| Information given |
>>>

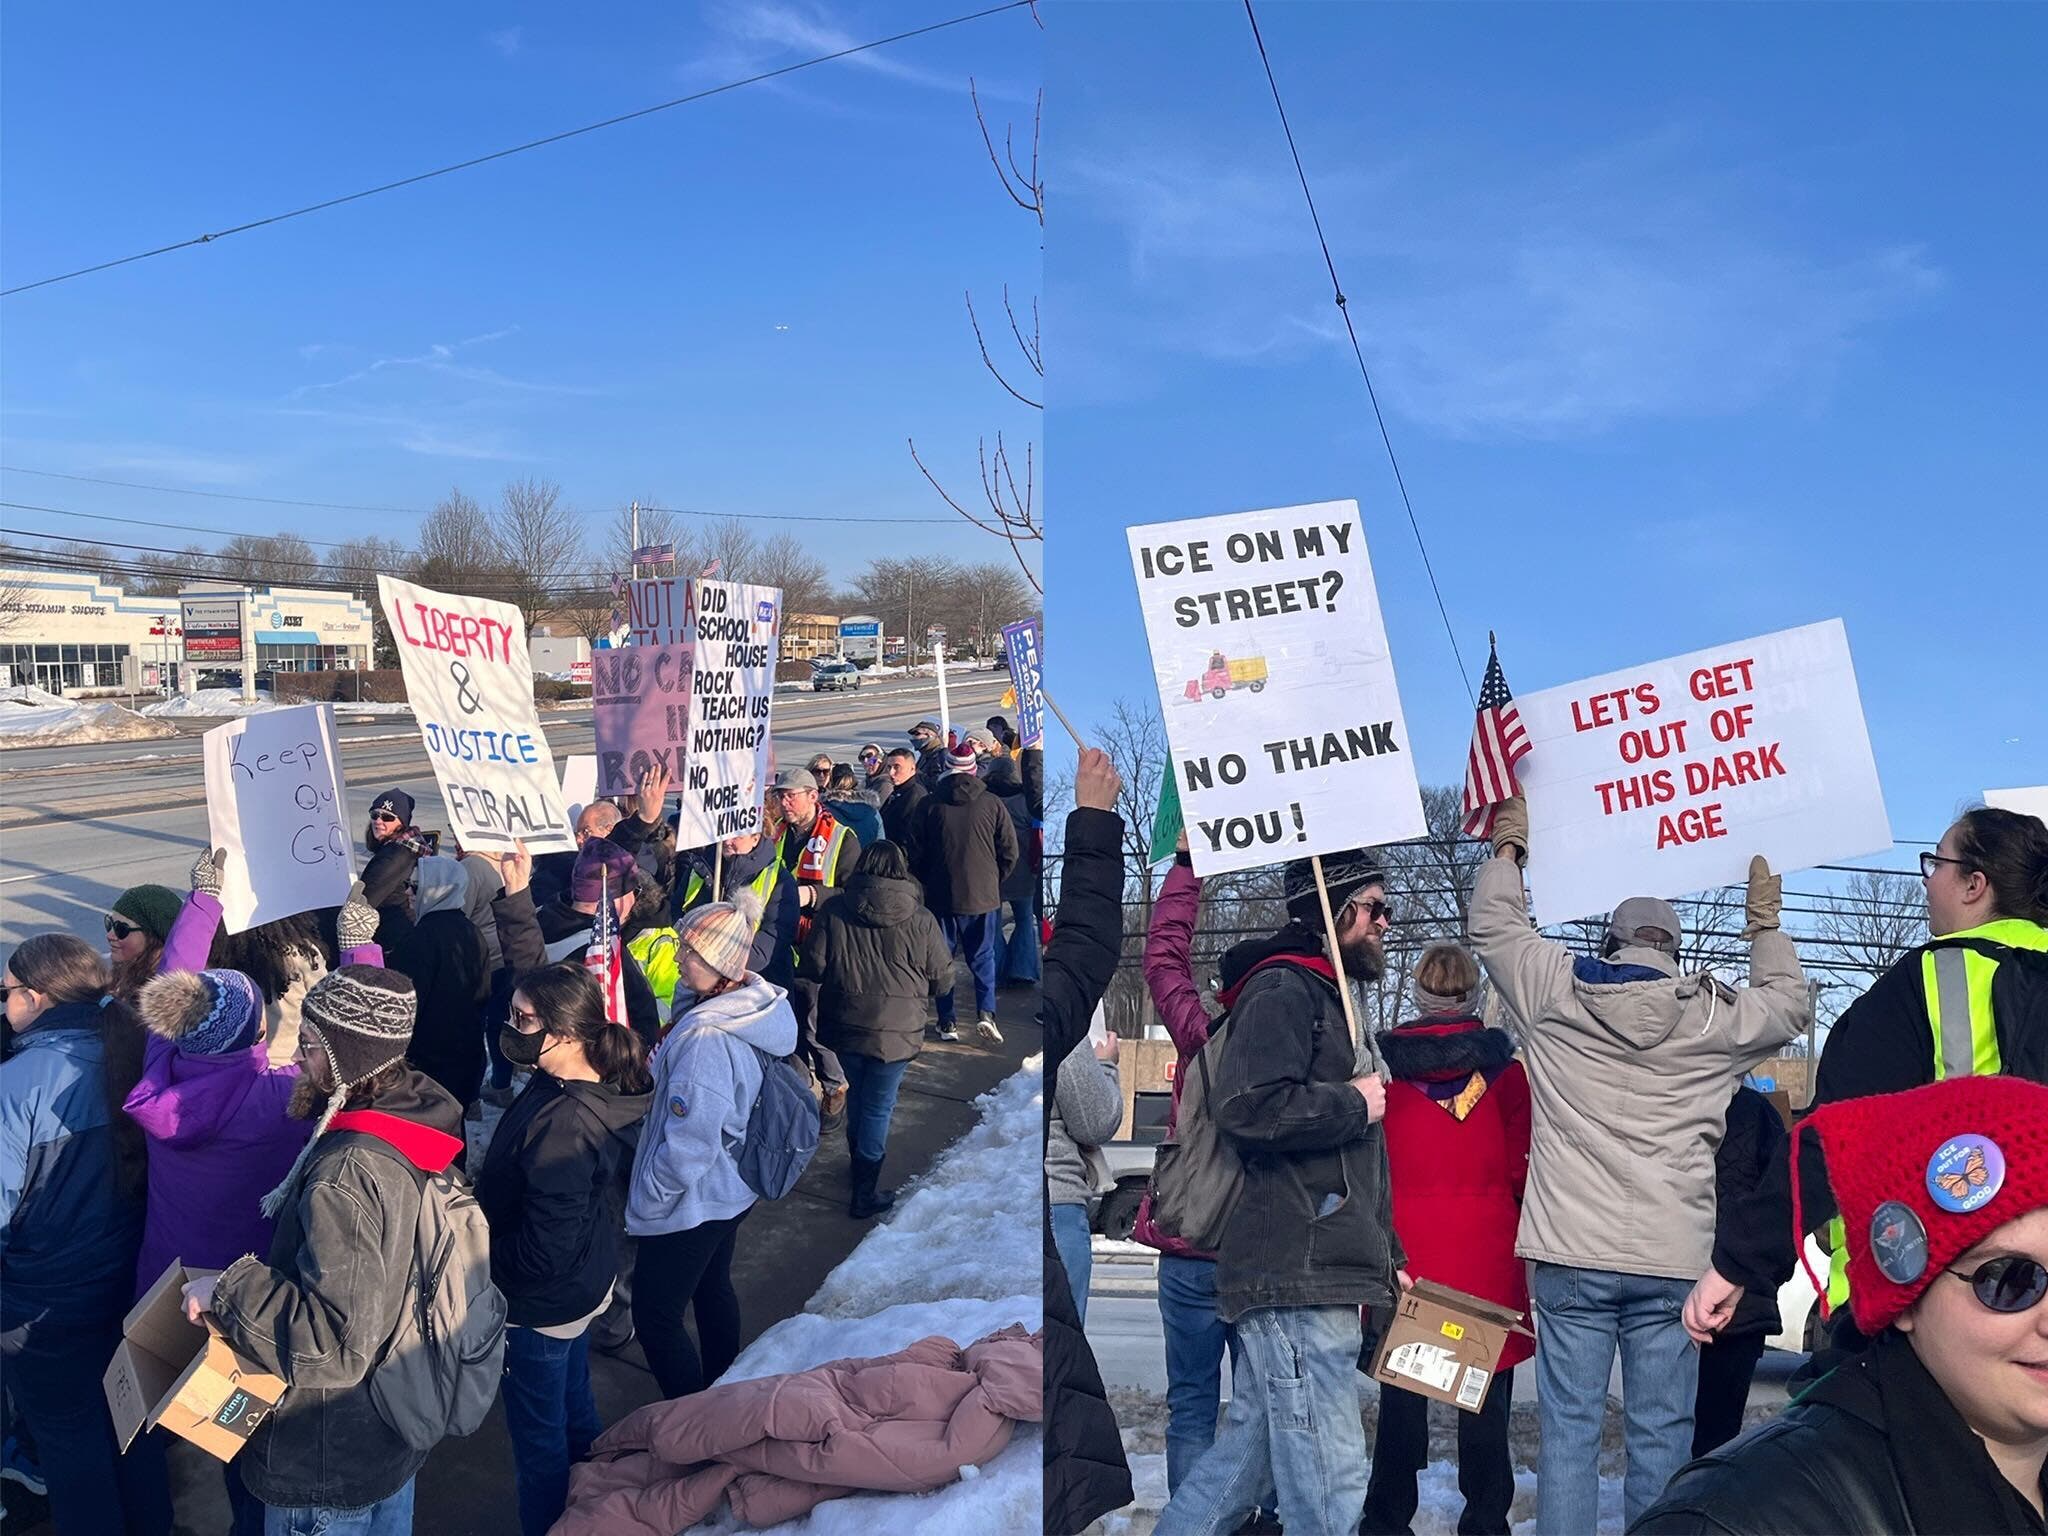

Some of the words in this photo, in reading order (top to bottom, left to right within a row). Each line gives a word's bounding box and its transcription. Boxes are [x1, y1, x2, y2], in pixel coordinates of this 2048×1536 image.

[1140, 541, 1213, 579] ICE
[1227, 531, 1283, 563] ON
[1293, 522, 1352, 560] MY
[627, 580, 674, 628] NOT
[683, 579, 697, 627] A
[701, 587, 727, 612] DID
[1175, 571, 1344, 627] STREET?
[395, 599, 515, 665] LIBERTY
[698, 616, 750, 643] SCHOOL
[594, 654, 642, 696] NO
[725, 644, 768, 667] HOUSE
[450, 661, 484, 714] &
[694, 671, 733, 694] ROCK
[1023, 628, 1043, 730] PEACE
[1571, 682, 1660, 732] LET'S
[1689, 659, 1755, 701] GET
[702, 697, 747, 721] TEACH
[751, 698, 769, 719] US
[425, 723, 538, 764] JUSTICE
[694, 724, 765, 754] NOTHING?
[1619, 720, 1687, 764] OUT
[1710, 704, 1754, 742] OF
[226, 734, 318, 782] Keep
[1184, 754, 1247, 791] NO
[1264, 721, 1400, 774] THANK
[689, 767, 708, 790] NO
[703, 784, 738, 812] MORE
[1594, 770, 1675, 815] THIS
[1684, 742, 1787, 796] DARK
[446, 783, 506, 828] FOR
[505, 792, 564, 831] ALL
[717, 805, 762, 836] KINGS!
[1198, 802, 1307, 853] YOU!
[1657, 803, 1727, 850] AGE
[1937, 1159, 1953, 1173] OUT
[1953, 1147, 1971, 1161] FOR
[1938, 1144, 1958, 1160] ICE
[1962, 1185, 1992, 1209] GOOD
[219, 1393, 243, 1424] prime

<<<

| Required work |
The expected output is every line of the data, unchanged, with the pictures skipped.

| Answer to the problem |
Some of the words in this photo, in reading order (top to bottom, left to right within a row). Each line gives a word's bounding box and its transcription. Boxes are [x1, y1, x2, y2], in pixel coordinates of this 2048×1536 image.

[1140, 541, 1213, 579] ICE
[1227, 531, 1283, 563] ON
[1293, 522, 1352, 560] MY
[627, 580, 674, 628] NOT
[683, 579, 697, 627] A
[701, 587, 727, 612] DID
[1175, 571, 1344, 627] STREET?
[395, 599, 515, 665] LIBERTY
[698, 616, 750, 643] SCHOOL
[594, 654, 642, 696] NO
[725, 644, 768, 667] HOUSE
[450, 661, 484, 714] &
[694, 671, 733, 694] ROCK
[1023, 628, 1043, 730] PEACE
[1571, 682, 1660, 732] LET'S
[1689, 659, 1755, 701] GET
[702, 697, 747, 721] TEACH
[751, 698, 769, 719] US
[425, 723, 538, 764] JUSTICE
[694, 724, 765, 754] NOTHING?
[1619, 720, 1687, 764] OUT
[1710, 704, 1754, 742] OF
[226, 734, 318, 782] Keep
[1184, 754, 1247, 791] NO
[1264, 721, 1400, 774] THANK
[689, 767, 708, 790] NO
[703, 784, 738, 812] MORE
[1594, 770, 1675, 815] THIS
[1684, 742, 1787, 796] DARK
[446, 783, 506, 828] FOR
[505, 792, 564, 831] ALL
[717, 805, 762, 836] KINGS!
[1198, 802, 1307, 853] YOU!
[1657, 803, 1727, 850] AGE
[1937, 1159, 1953, 1173] OUT
[1953, 1147, 1971, 1161] FOR
[1938, 1144, 1958, 1160] ICE
[1962, 1185, 1992, 1209] GOOD
[219, 1393, 243, 1424] prime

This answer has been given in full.